Vale ressaltar que, ao referir-se ao trabalho como vendedora Dona Railda inclui sua prática atual no movimento social de cultura do Subúrbio como ação e trabalho voluntários. Observei que esta forma de entender e classificar a participação nos movimentos sociais -, como trabalho voluntário -, na atualidade, indica um deslocamento de sentido na compreensão e na forma de relacionamento pessoais atualmente. Isto ocorre – mesmo entre algumas mulheres que já têm atuação há décadas –, nestes “movimentos” e com a própria luta, desde os finais dos anos 1990 e primeiros do século XXI. Encontro, da mesma forma, em outros relatos este mesmo deslocamento de perspectiva.

É importante dizer que no rol dos migrantes entrevistados com trajetórias marcadas pela participação política, vinculada ou não a algum movimento social, a própria concepção de movimento indica diferentes dimensões. Então, estar no movimento significa participar de um “movimento”,[6] compartilhar de suas “bandeiras”, pautas de reivindicações e ações orientadas; mas, da mesma forma, pode significar estar nos lugares onde estão as pessoas, onde a vida acontece e onde pode participar desses acontecimentos. Naschieli Loera (2009) aponta para estas múltiplas concepções sobre estar no “movimento” ao acompanhar a trajetória de trabalhadores sem terra no percurso dos acampamentos.

A concepção de estar ‘no’ e ‘em’ movimento informa muito dessa trajetória. Essa mulher, bem como outras mulheres, construiu uma trajetória ‘no’ e ‘em’ movimento na busca por superar as carências de serviços, infraestrutura e benefícios sociais, em busca de garantir melhores condições de vida, através da luta coletiva. O processo de envolvimento e participação destas mulheres negras nos movimentos possibilitou a elas dar um salto conceitual e político fundamental, ao transformar as “carências” em necessidades através da luta coletiva.

A participação dessas mulheres negras na produção da luta social e política por moradia, infraestrutura, serviços (escola e equipamentos de saúde, transporte, etc.,), trabalho indica para um primeiro deslocamento de sentido e ressignificação ao apontar para a dimensão individual da carência enquanto que a necessidade, por outro lado, encontra-se numa esfera coletiva e, como tal requere organização e ações coletivas.

Episódio 1. A fuga

Sobre isto, diz:

Fui criada na roça e sai de lá com onze anos de idade”. Saiu da roça fugida – “era de menor”, tinha pouco mais de 9 anos de idade, ao que tudo indica, em 1971 –, do pai que “era daquele tipo, do machismo, de que o homem pode tudo e que a mulher tem que ser o capacho. E ele não tinha nada, mas tinha várias 'rapariga', maltratava a minha mãe, (…) e minha fugida de casa; foi isso”.

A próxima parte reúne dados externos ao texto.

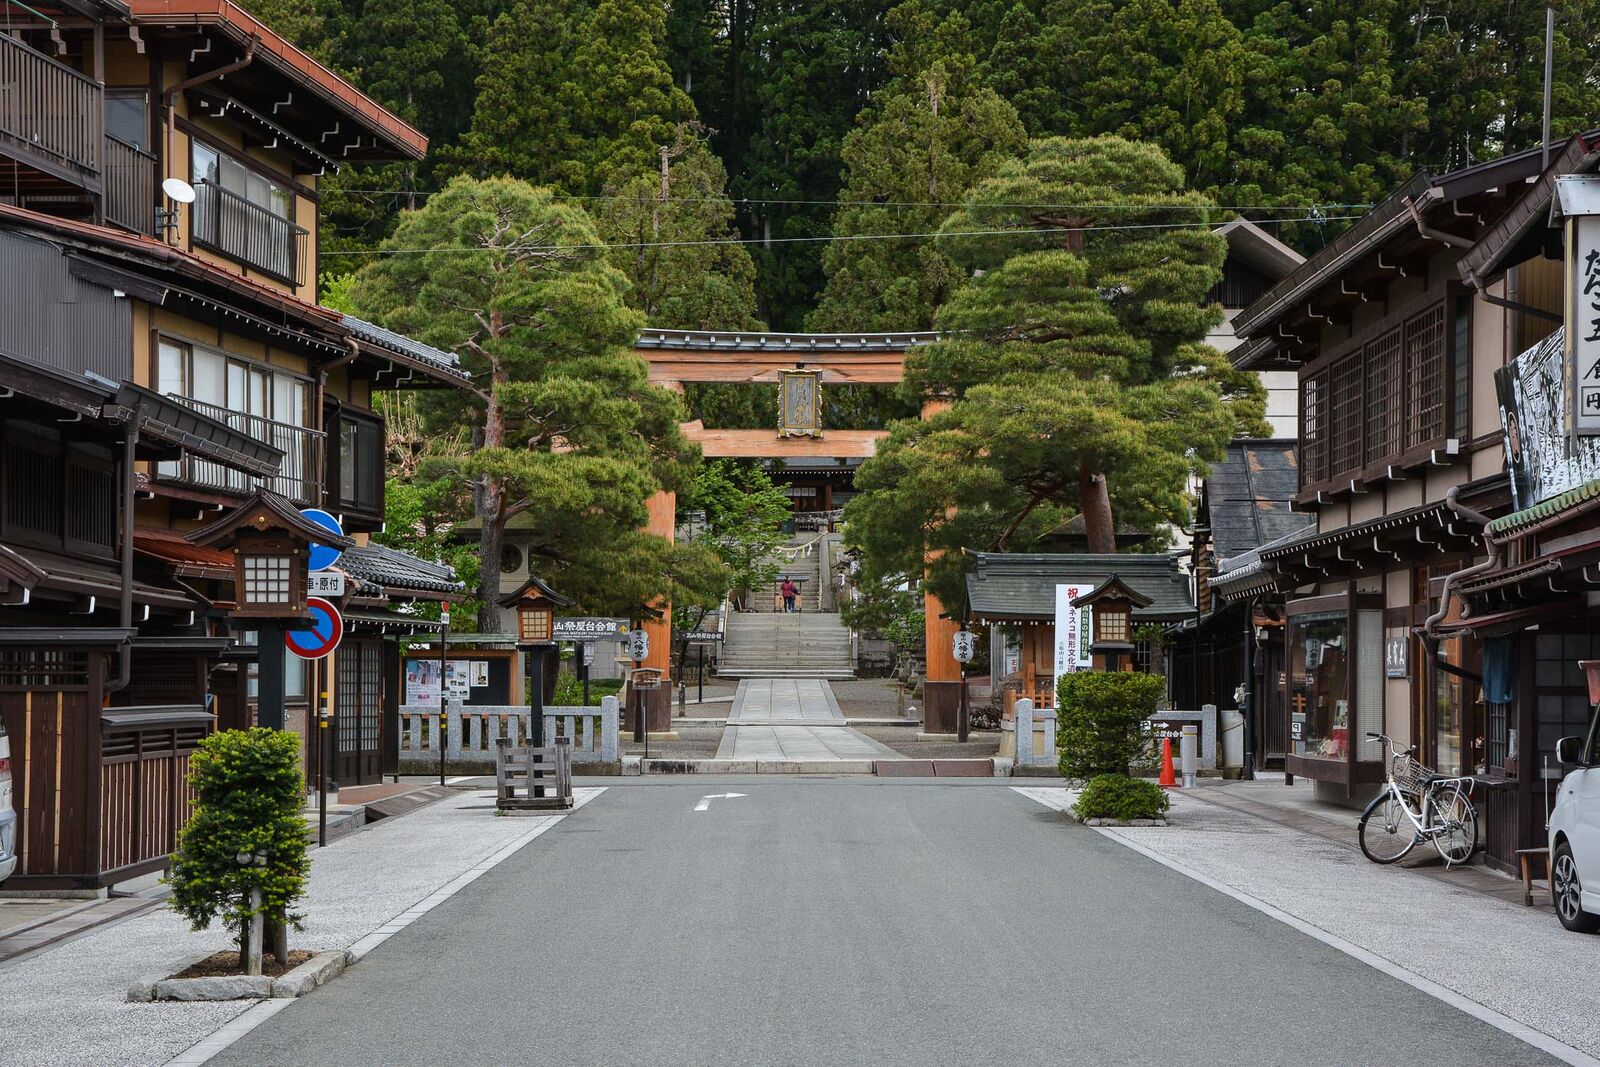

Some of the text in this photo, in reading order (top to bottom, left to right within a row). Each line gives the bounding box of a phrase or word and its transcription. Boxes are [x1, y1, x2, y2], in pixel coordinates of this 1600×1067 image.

[553, 621, 617, 631] 山祭屋台会館
[1067, 588, 1079, 672] 祝 ネスコ無形文化遺

A fuga – marca o primeiro deslocamento importante em sua trajetória.

A violência cotidiana representou, em diferentes momentos, uma linha de fronteira, ou melhor, uma linha de [inter]conexão na trajetória biográfica e política de Dona Railda. A ruptura com a experiência de violência no âmbito doméstico caracteriza a trajetória de outras mulheres envolvidas no movimento, mesmo que de certa forma os conflitos e disputas com os homens no âmbito do movimento político ainda se mantivesse.

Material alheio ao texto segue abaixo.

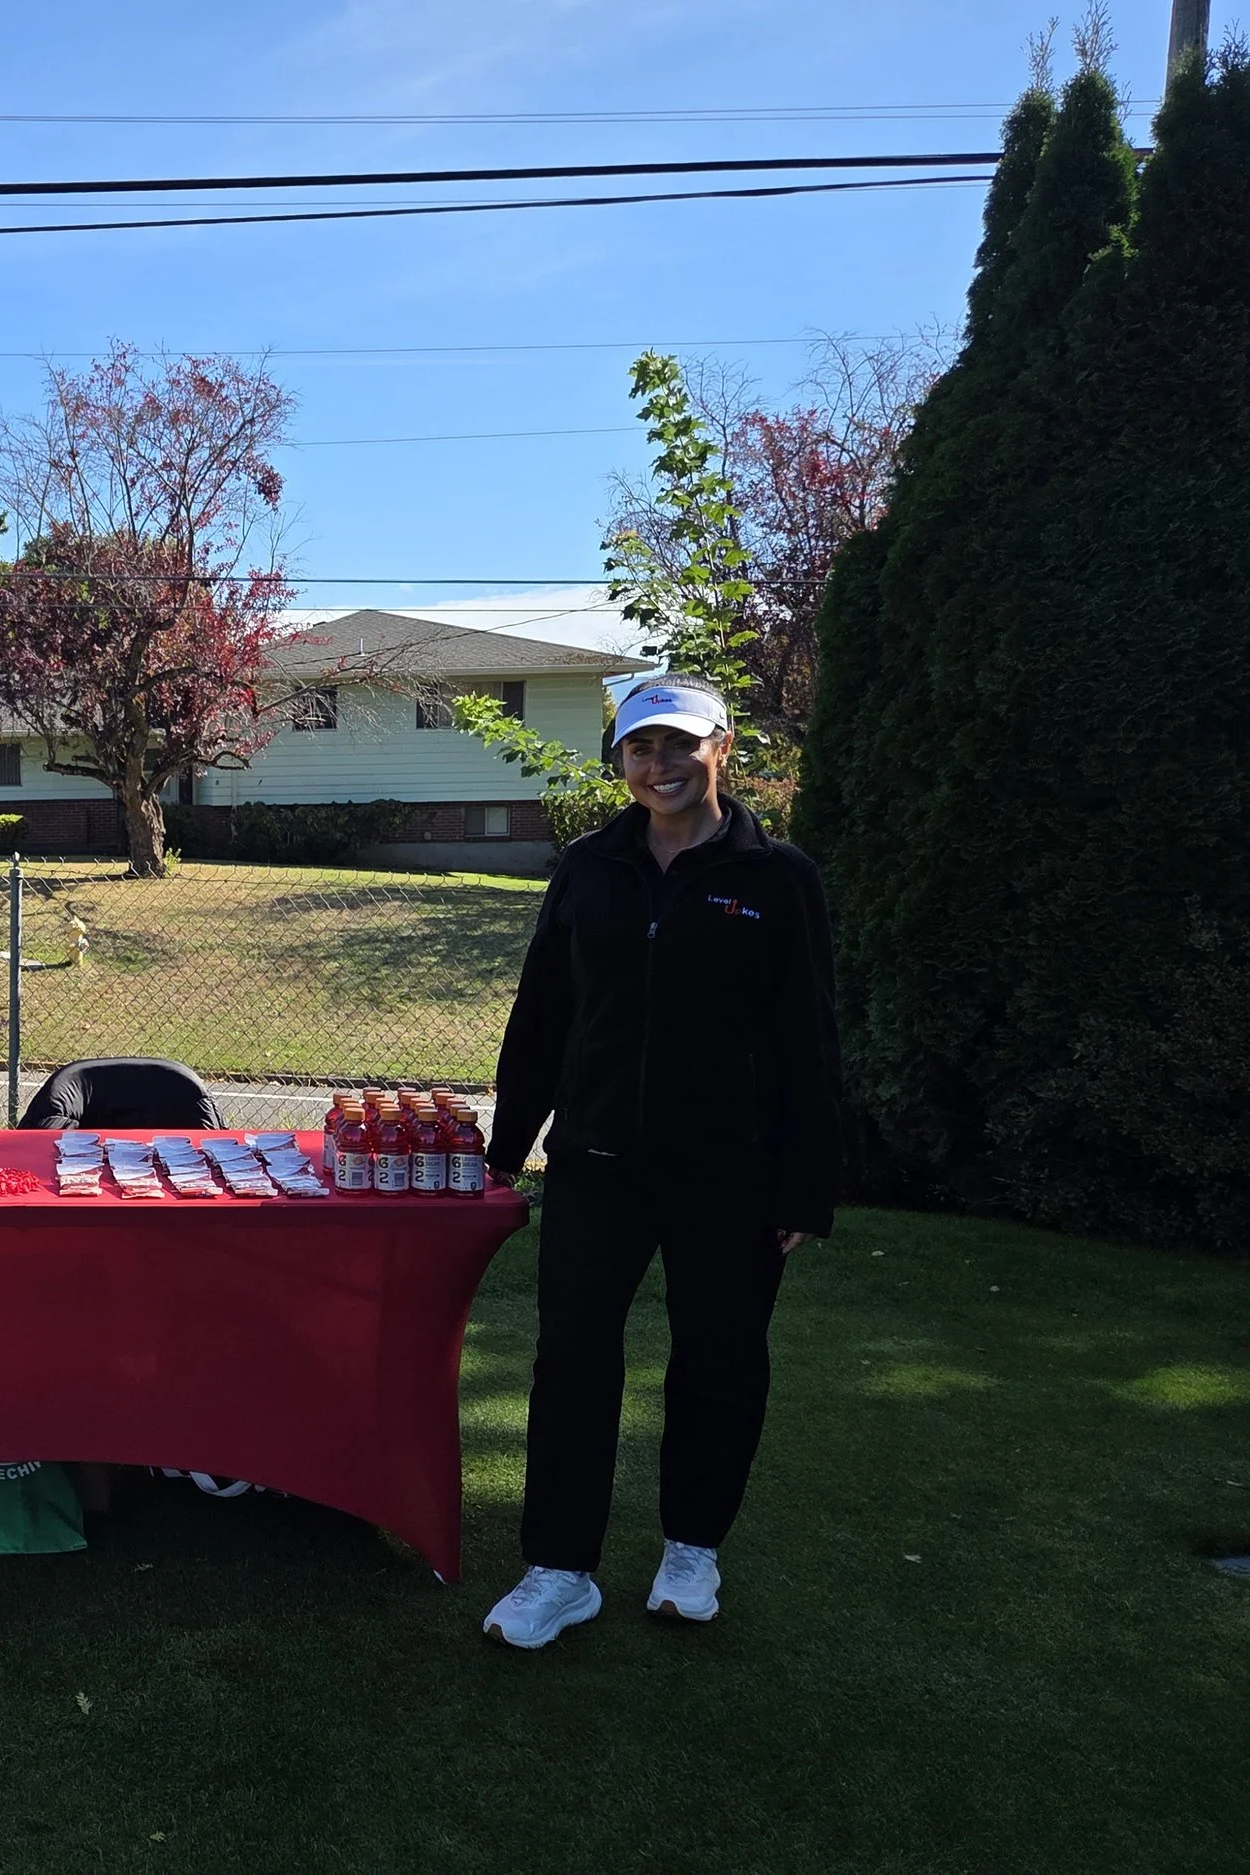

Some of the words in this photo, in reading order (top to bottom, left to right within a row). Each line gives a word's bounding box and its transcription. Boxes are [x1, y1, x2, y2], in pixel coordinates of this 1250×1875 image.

[708, 894, 731, 905] Level
[338, 1169, 346, 1181] 2
[379, 1171, 389, 1183] 2
[415, 1170, 424, 1182] 2
[452, 1171, 461, 1183] 2

A entrevistada prossegue em sua narrativa reafirmando a centralidade da dimensão da violência em sua trajetória desde a infância:

Dona Railda: !Eu apanhava muito. Batia por tudo [o pai dela] e eu também não era 'frô' que se cheirava por que eu não gostava que maltratasse minha mãe. E aí eu fugi do interior calçada numa sandália Havaiana, ainda com um arame embaixo da sandália, panhei um dinheiro que na época ele tinha vendido uma “sama de fumo” [corda de fumo e/ou rolo de fumo] e eu vi que ele botou dinheiro no colchão o [sic]. Aí eu peguei o dinheiro de transporte, peguei um ônibus e vim me embora pra aqui [Salvador]" [grifos meus].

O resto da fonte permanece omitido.